> _REQUIRED WORK_
Your answer must be the full set of records, copied exactly, with no pictures in it.

[Collected data]
::::

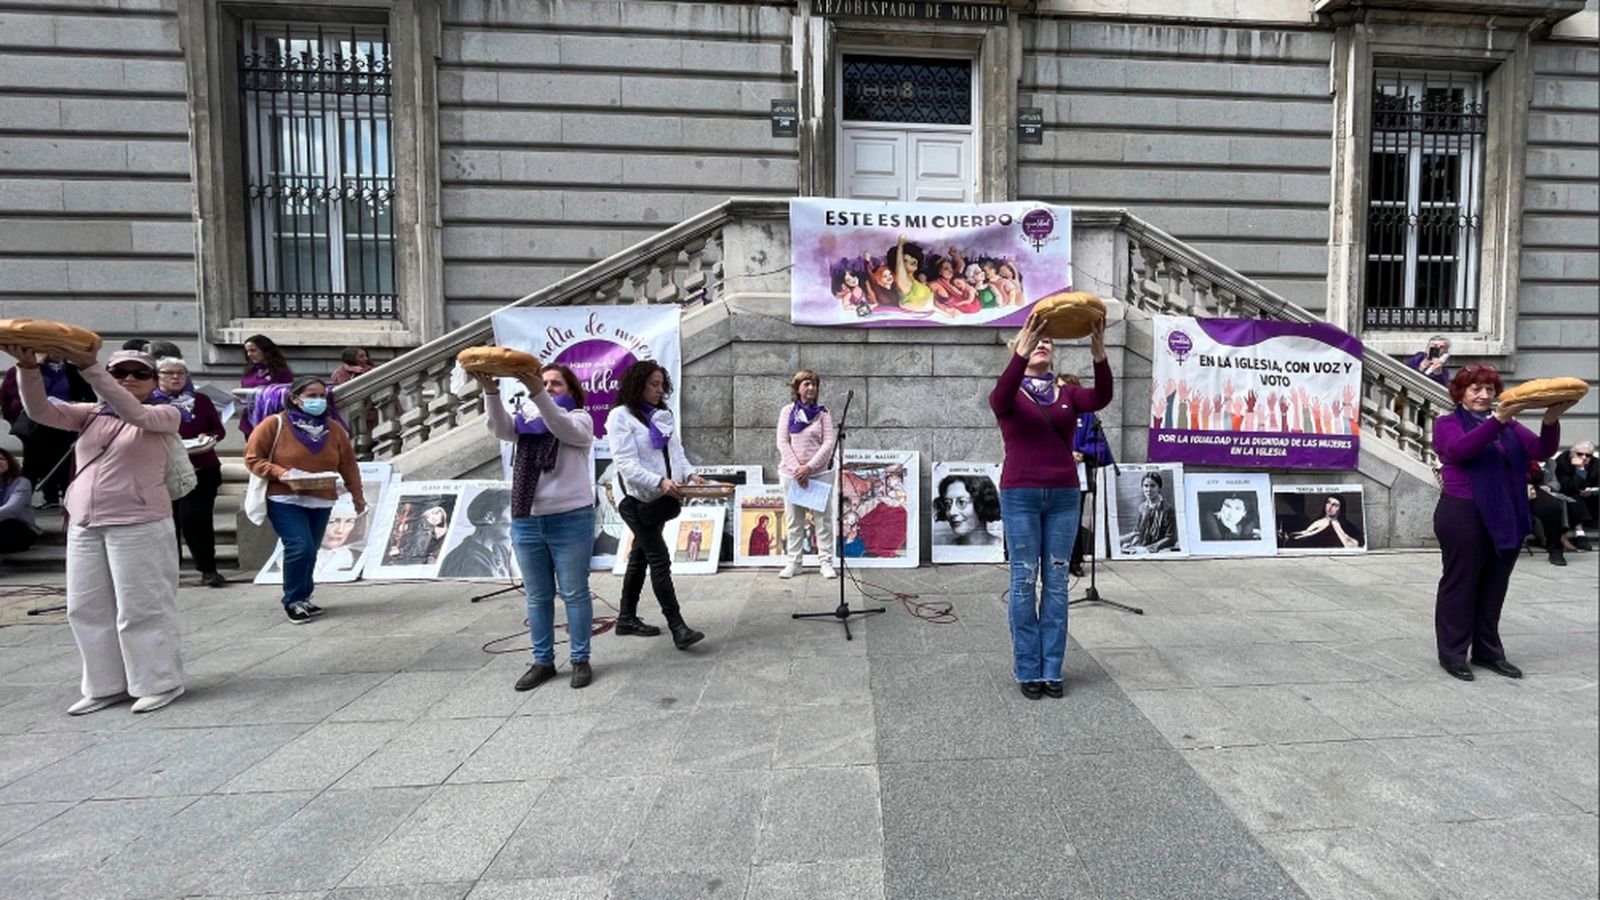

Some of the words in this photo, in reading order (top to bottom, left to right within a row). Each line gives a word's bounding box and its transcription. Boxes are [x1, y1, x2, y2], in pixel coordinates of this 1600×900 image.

[816, 0, 916, 17] ARZOBISPADO
[925, 4, 942, 19] DE
[951, 5, 1003, 22] MADRID
[902, 81, 913, 98] 8
[826, 210, 873, 226] ESTE
[878, 213, 901, 228] ES
[905, 215, 926, 228] MI
[932, 213, 1013, 228] CUERPO
[584, 311, 607, 336] de
[1200, 354, 1215, 367] EN
[1218, 356, 1231, 368] LA
[1235, 357, 1283, 373] IGLESIA,
[1285, 361, 1310, 373] CON
[1313, 362, 1341, 374] VOZ
[1343, 362, 1352, 374] Y
[1259, 374, 1291, 387] VOTO
[1158, 434, 1176, 443] POR
[1177, 435, 1189, 444] LA
[1190, 435, 1231, 445] IGUALDAD
[1232, 437, 1239, 445] Y
[1240, 437, 1250, 446] LA
[1252, 437, 1289, 447] DIGNIDAD
[1291, 438, 1301, 447] DE
[1302, 438, 1317, 447] LAS
[1319, 439, 1352, 449] MUJERES
[1230, 446, 1241, 455] EN
[1243, 446, 1254, 456] LA
[1256, 447, 1287, 457] IGLESIA

::::

> _RESPONSE TO THE TASK_
Some of the words in this photo, in reading order (top to bottom, left to right within a row). Each line gives a word's bounding box and its transcription. Boxes are [x1, y1, x2, y2], in pixel coordinates of this 1600×900 image.

[816, 0, 916, 17] ARZOBISPADO
[925, 4, 942, 19] DE
[951, 5, 1003, 22] MADRID
[902, 81, 913, 98] 8
[826, 210, 873, 226] ESTE
[878, 213, 901, 228] ES
[905, 215, 926, 228] MI
[932, 213, 1013, 228] CUERPO
[584, 311, 607, 336] de
[1200, 354, 1215, 367] EN
[1218, 356, 1231, 368] LA
[1235, 357, 1283, 373] IGLESIA,
[1285, 361, 1310, 373] CON
[1313, 362, 1341, 374] VOZ
[1343, 362, 1352, 374] Y
[1259, 374, 1291, 387] VOTO
[1158, 434, 1176, 443] POR
[1177, 435, 1189, 444] LA
[1190, 435, 1231, 445] IGUALDAD
[1232, 437, 1239, 445] Y
[1240, 437, 1250, 446] LA
[1252, 437, 1289, 447] DIGNIDAD
[1291, 438, 1301, 447] DE
[1302, 438, 1317, 447] LAS
[1319, 439, 1352, 449] MUJERES
[1230, 446, 1241, 455] EN
[1243, 446, 1254, 456] LA
[1256, 447, 1287, 457] IGLESIA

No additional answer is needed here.